Thinking Slow: Artificial Reasoning

The divide between human and machine intelligence is narrowing faster than we can invent stories to assert our supremacy. Each time we draw a line in the sand, machines leap over it. Remember when we thought creativity was uniquely human? 2020 was a simpler time.

The current line in the sand is reasoning. Skeptics assert that models like GPT-4 do not “understand” what they are saying. The skeptics are mostly correct. Sebastien Bubeck illustrates this point near the end of his “Sparks of AGI: early experiments with GPT-4” talk. The model struggles to provide reliable explanations for its responses, at one point claiming an incorrect calculation was “a typo.”

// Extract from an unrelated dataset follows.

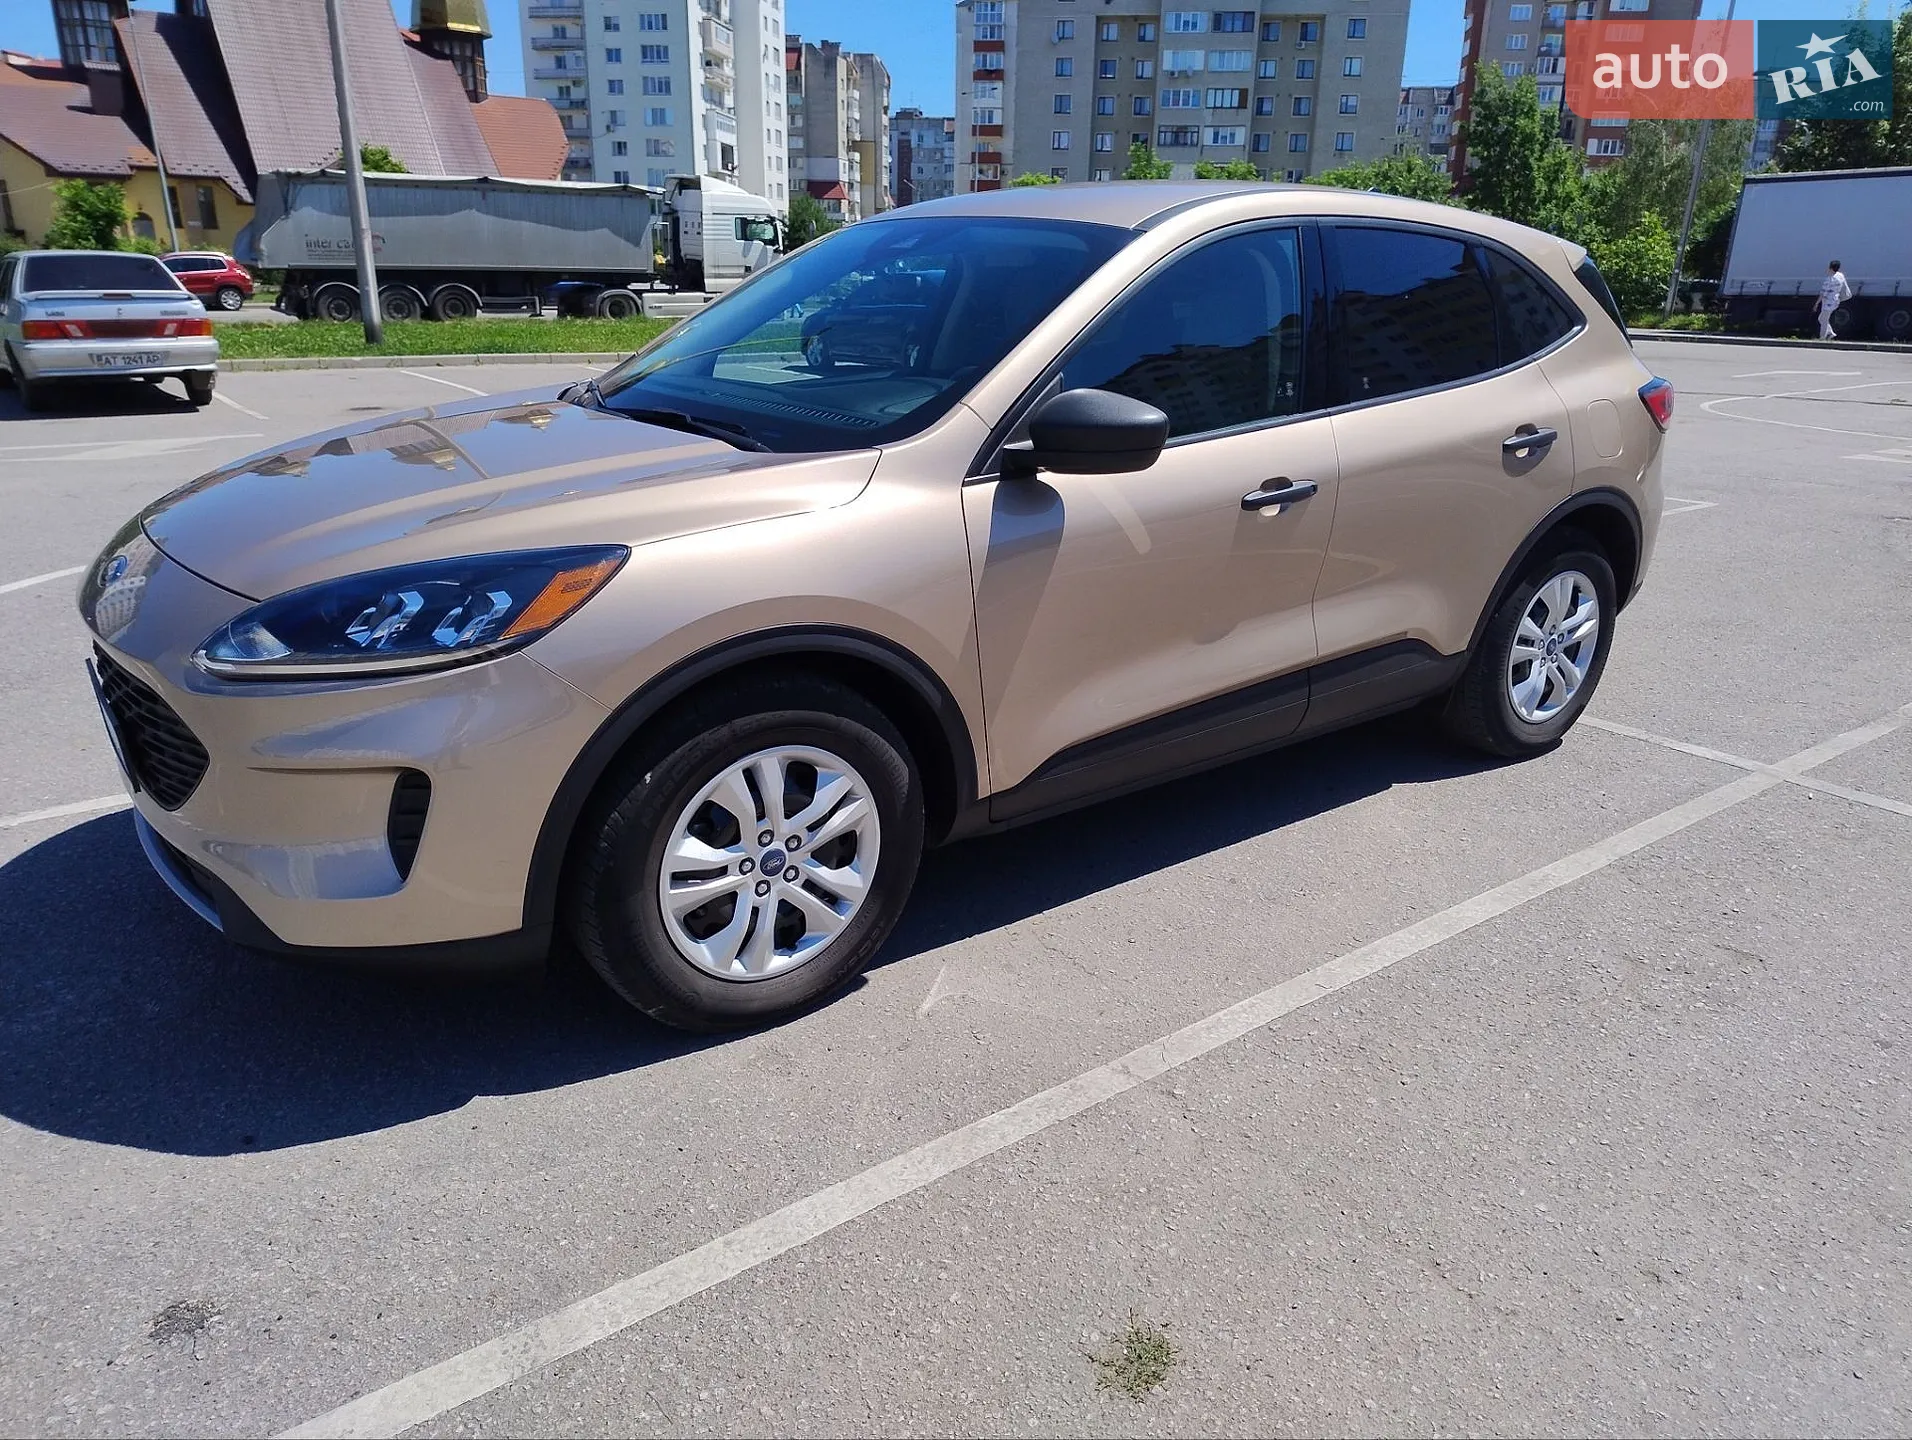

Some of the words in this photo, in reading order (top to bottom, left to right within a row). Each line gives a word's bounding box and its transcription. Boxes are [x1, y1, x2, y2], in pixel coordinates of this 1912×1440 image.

Let’s set aside the obvious problem of using arithmetic as a proxy for reasoning. GPT-4 was trained on text. That text had numerical patterns, but we should not be surprised when language models struggle with arithmetic. It would be like sending a student to nothing but history classes and then wondering why they suck at math.

The more important question is whether human-level reasoning is within reach of machines. I believe the answer is “yes,” and the implications are slightly terrifying.

One Step at a Time: Human Reasoning

Human reasoning has been an active area of research for hundreds of years. It began with philosophers exploring its origins and meaning. It continued with psychologists documenting the various systems and mechanisms. Today, neuroscientists study circuitry and chemistry to unravel the mysteries of the mind.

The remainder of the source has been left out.